Library Service Preserves and Publishes Research Data
Finding a place to park data where it is available to others can be an afterthought for many researchers.
Increasingly, however, funding agencies as well as publishers are requiring that the data supporting published findings be shared with the public.
In the spring of this year, the UC Merced Library helped Professor Roger Bales and the data manager on his team, Xiande Meng, archive data from the Southern Sierra Critical Zone Observatory.
The research team had seven years’ worth of data that needed a permanent home, and sustainability of the NSF CZOs’ data archiving program was not secure.

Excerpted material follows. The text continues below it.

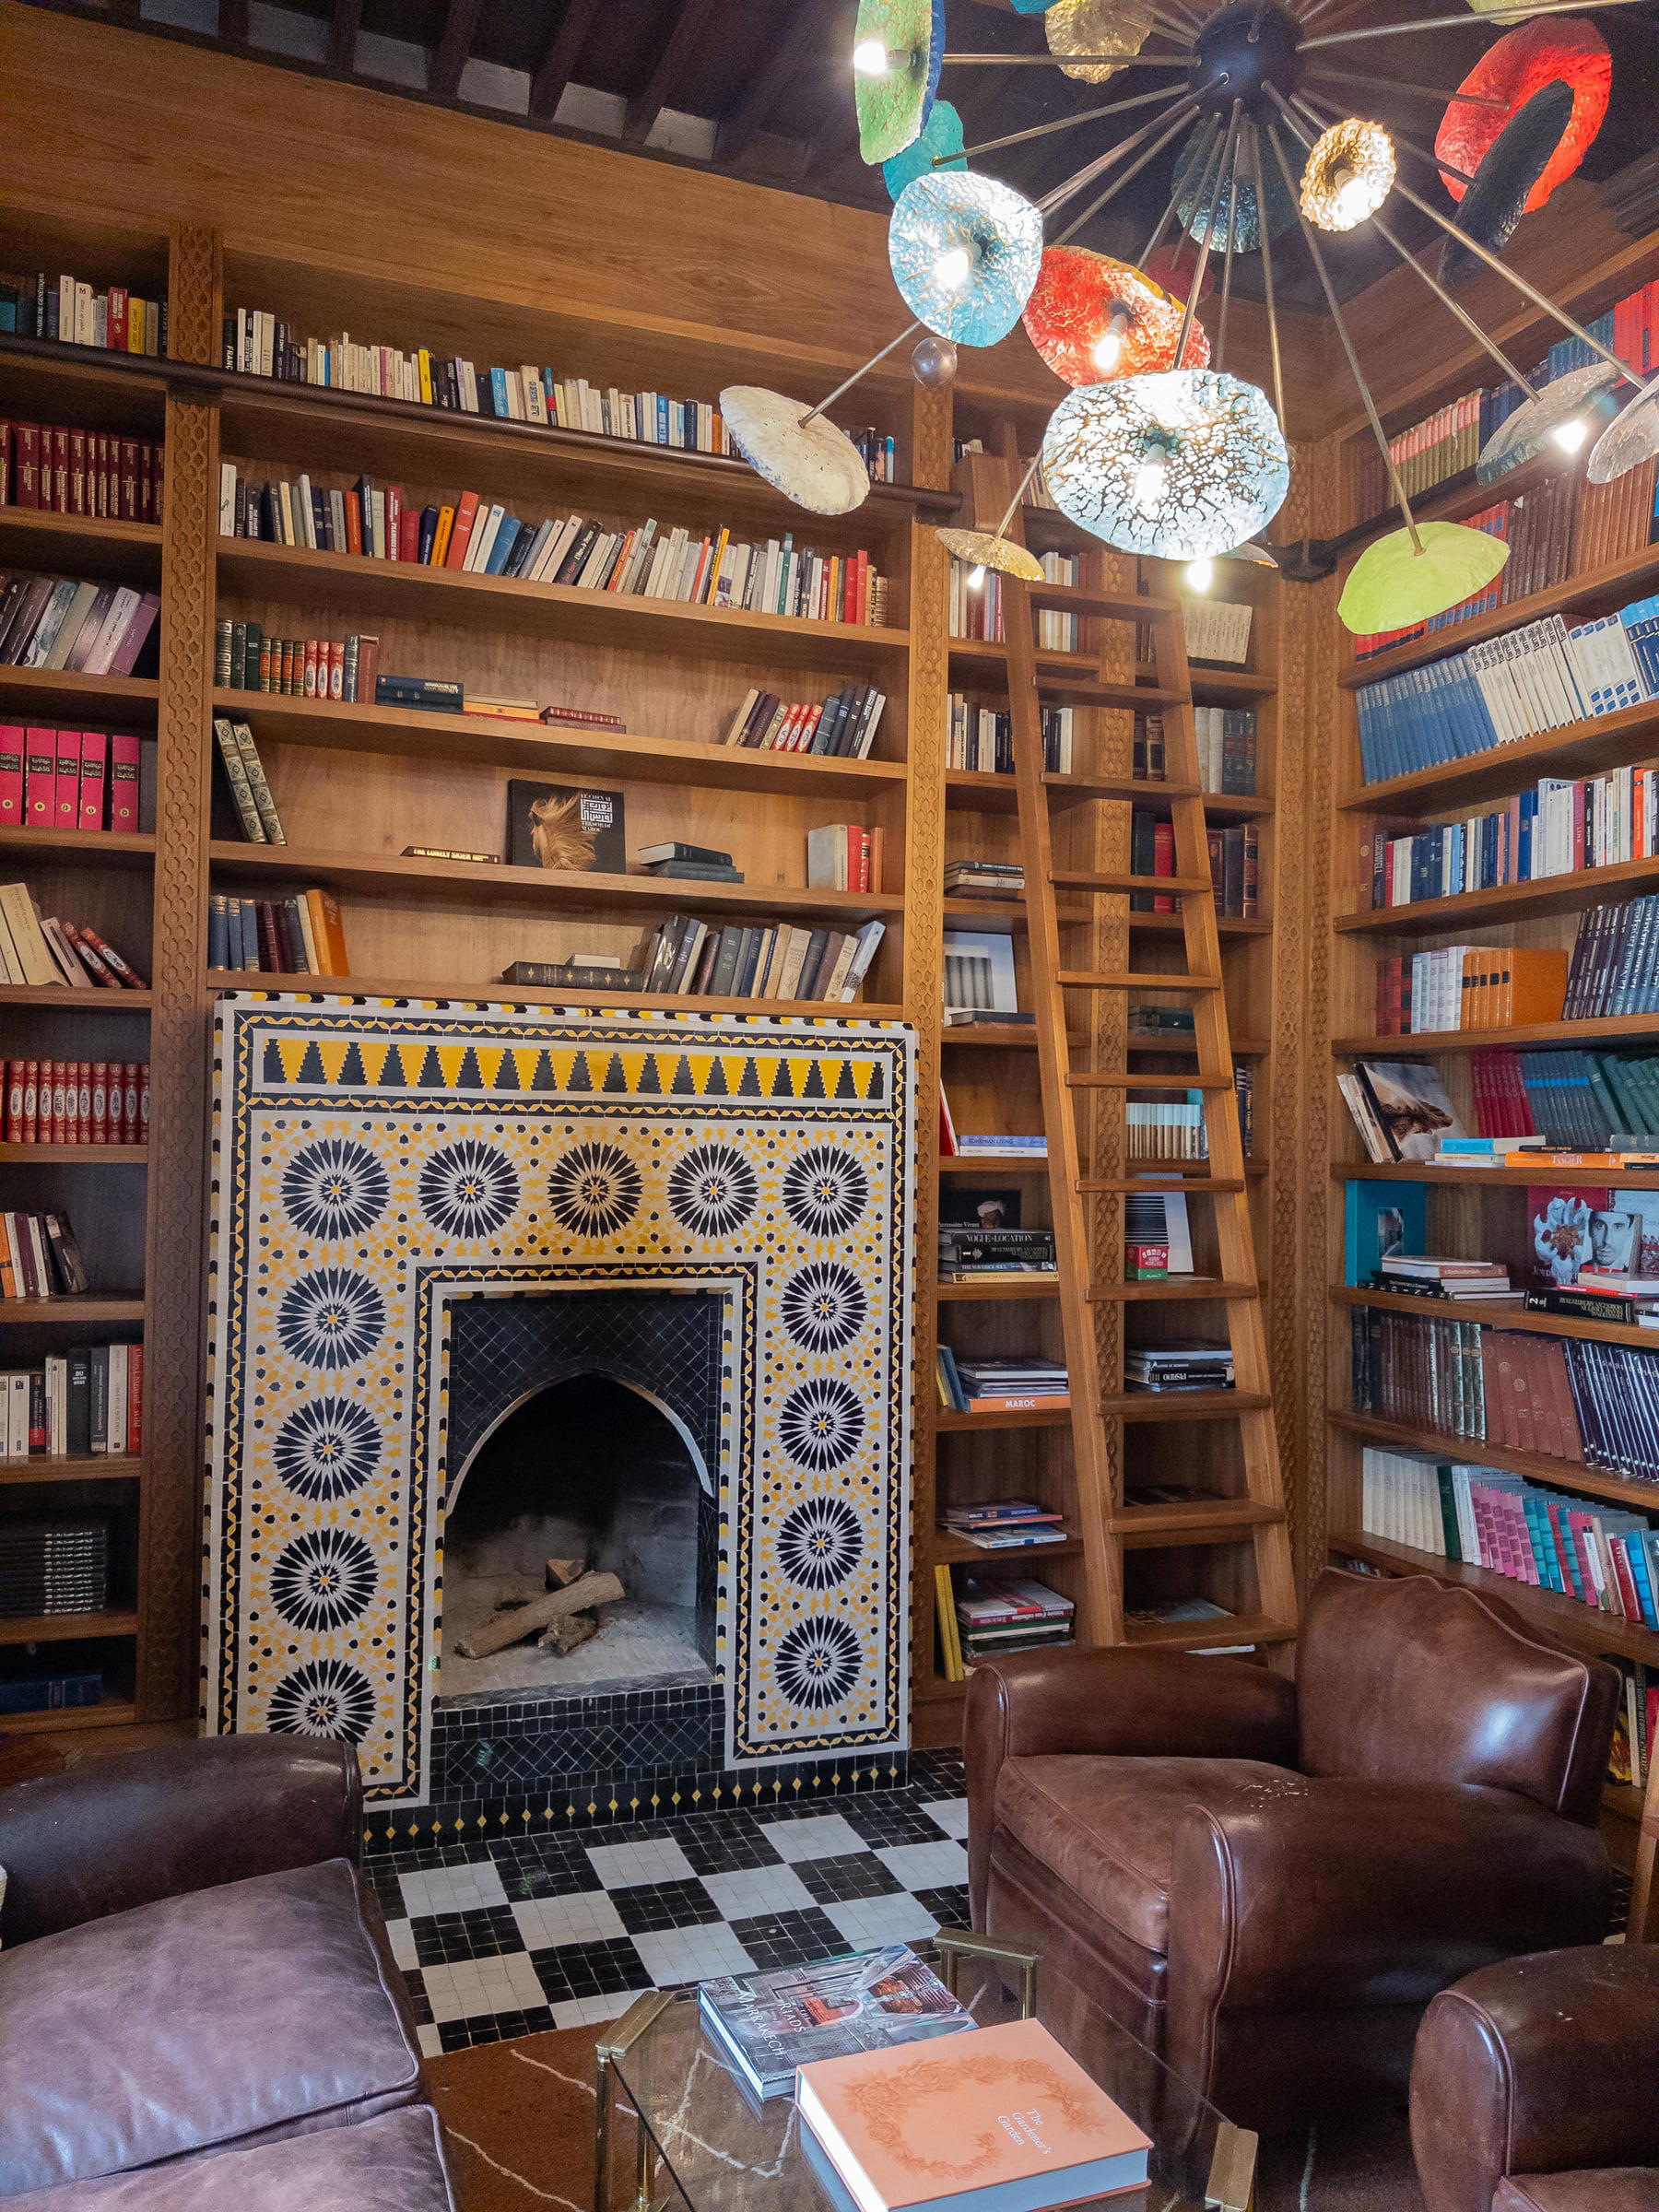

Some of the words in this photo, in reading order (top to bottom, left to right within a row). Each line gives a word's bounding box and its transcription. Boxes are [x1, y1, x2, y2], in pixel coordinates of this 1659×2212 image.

Librarian Emily Lin helped create metadata and readme files to describe the data and deposit the data in the Merritt preservation repository at the California Digital Library.
The first dataset was harvested in March and made available to the public through UC’s Dash data sharing service. The dataset has a citable DOI (digital object identifier), and research team members also registered for ORCIDs (unique researcher identifiers) as a result. The team is continuing to prepare other datasets for deposit and public access.
The Dash data service allows UC Merced researchers to easily deposit their own data within 2 GB files, 10 GB per dataset limit.
The service was updated in November to support geospatial metadata, funder metadata, and ORCID integration. Researchers with larger datasets to deposit or questions about data archiving can contact the Library for assistance at curation@ucmerced.edu.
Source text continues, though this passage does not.